"""

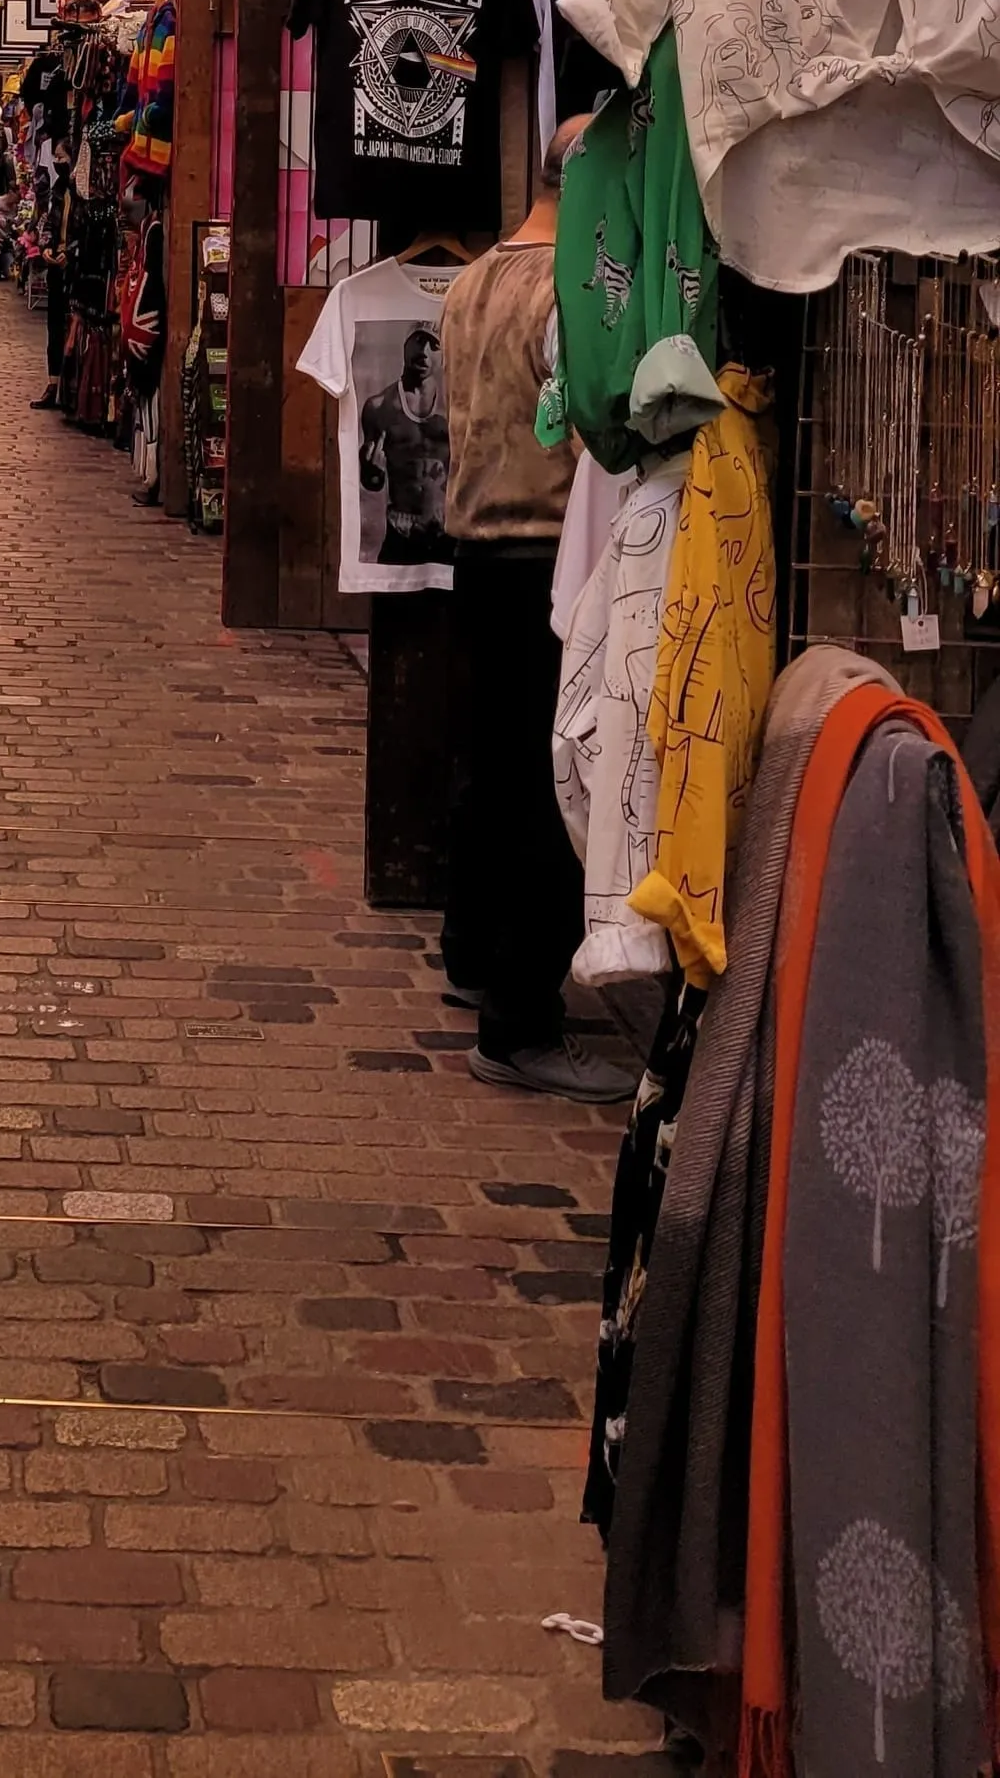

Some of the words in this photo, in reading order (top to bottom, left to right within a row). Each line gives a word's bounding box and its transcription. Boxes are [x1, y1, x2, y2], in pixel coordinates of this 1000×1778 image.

[354, 140, 364, 156] UK
[367, 140, 390, 158] JAPAN
[409, 145, 435, 164] AMERICA
[438, 148, 463, 166] EUROPE
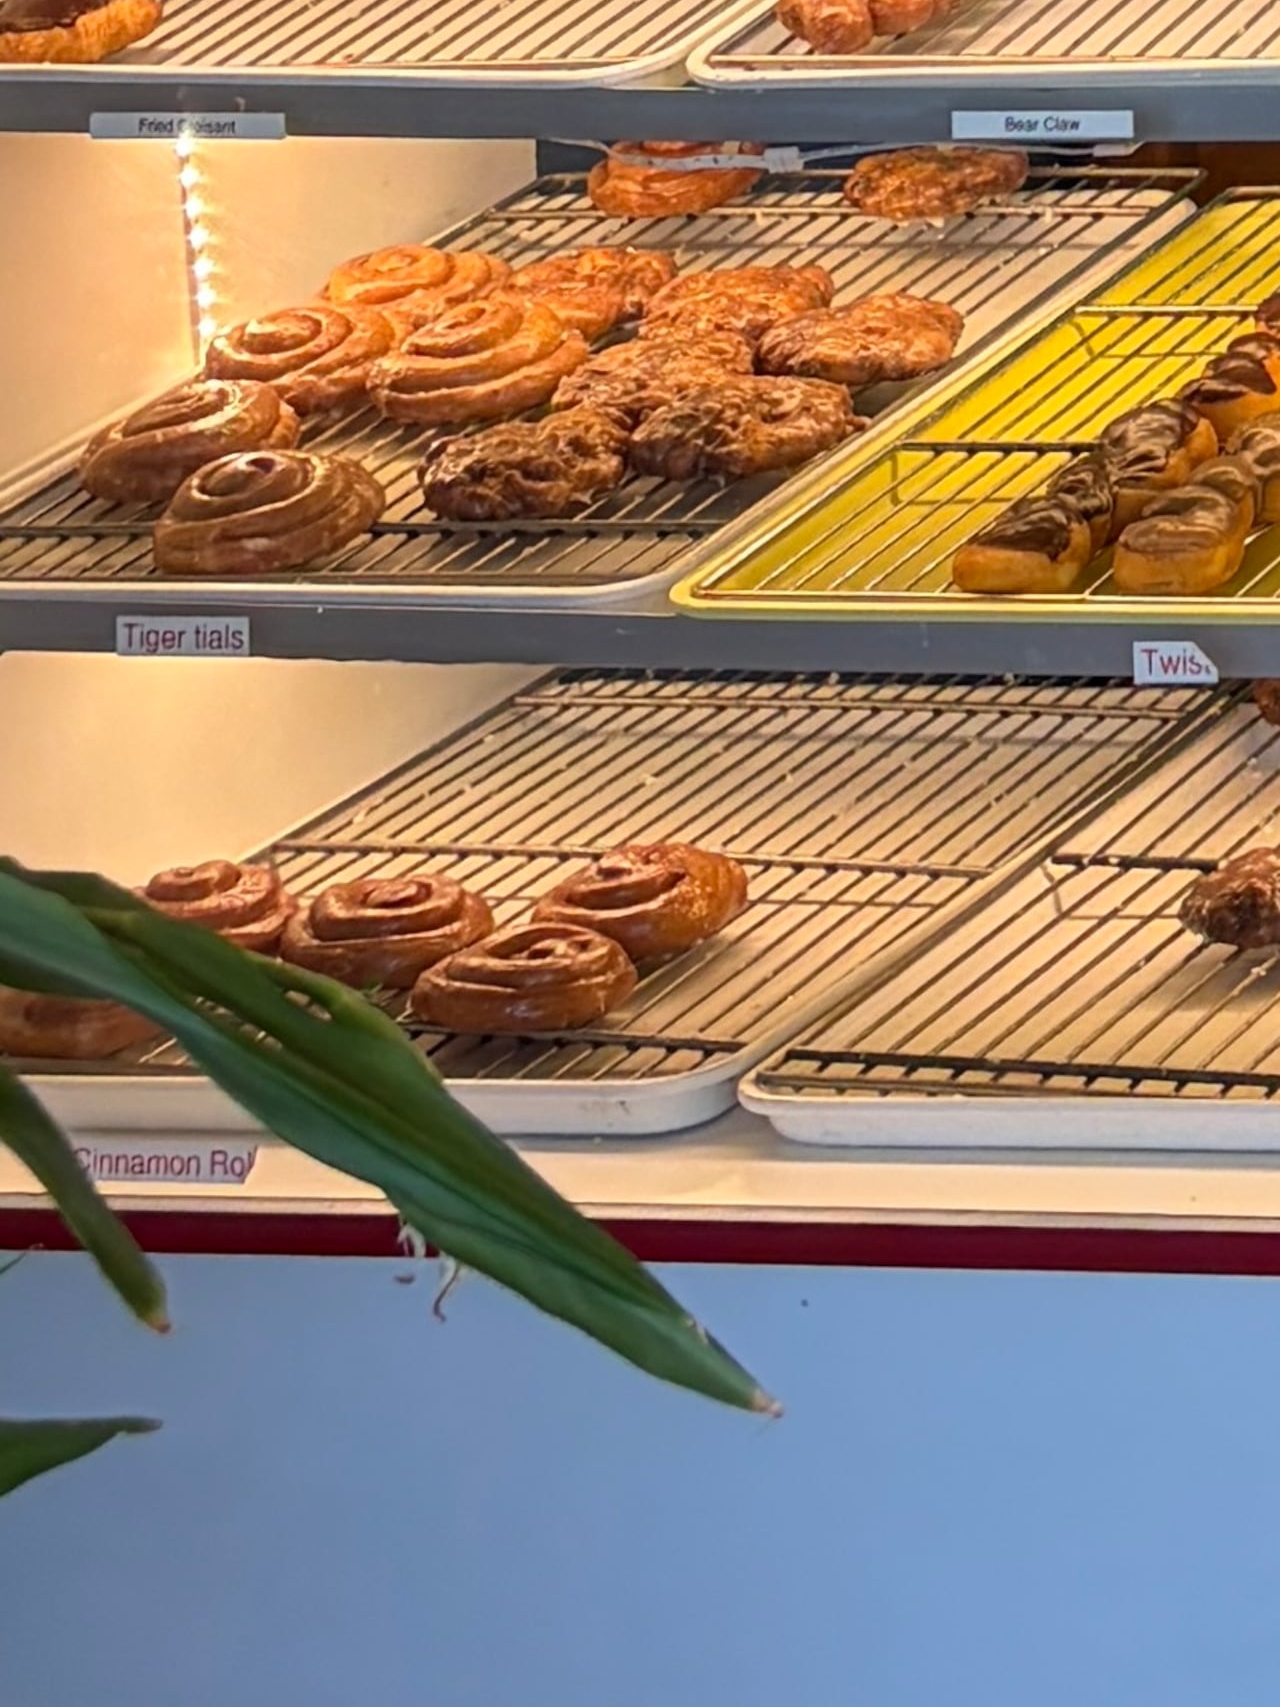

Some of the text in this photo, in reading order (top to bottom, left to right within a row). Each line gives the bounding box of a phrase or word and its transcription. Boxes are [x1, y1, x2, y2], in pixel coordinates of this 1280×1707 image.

[1005, 116, 1080, 132] Bear Claw
[123, 623, 244, 653] Tiger tials
[74, 1148, 200, 1176] Cinnamon
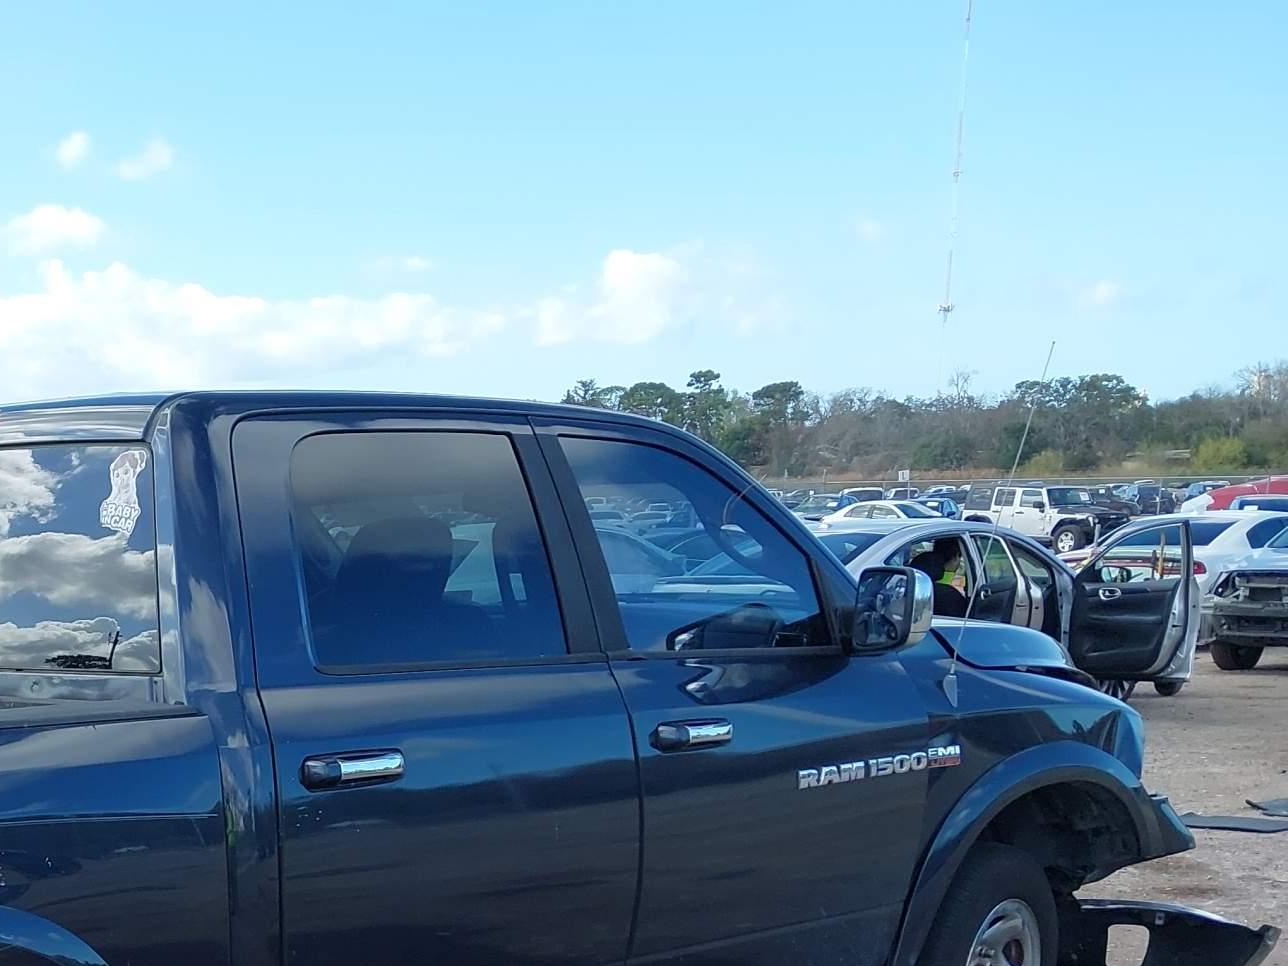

"""

- Activity -
If the records include pictures, omit them and transcribe everything else exactly.

- Expected answer -
Some of the words in this photo, in reading order (top to bottom, left to right within a row). Each line gives a word's bounding box and its transcription. Boxes are [x1, y1, x2, y2], in pixel coordinates of this 1000×1778 image.

[354, 140, 364, 156] UK
[367, 140, 390, 158] JAPAN
[409, 145, 435, 164] AMERICA
[438, 148, 463, 166] EUROPE

Some of the text in this photo, in reading order (top to bottom, left to right within a row). Each line gives the bounding box of a phrase or word and its transcription. Boxes are [x1, y1, x2, y2], in pixel coordinates of this 1280×1707 image.

[1005, 116, 1080, 132] Bear Claw
[123, 623, 244, 653] Tiger tials
[74, 1148, 200, 1176] Cinnamon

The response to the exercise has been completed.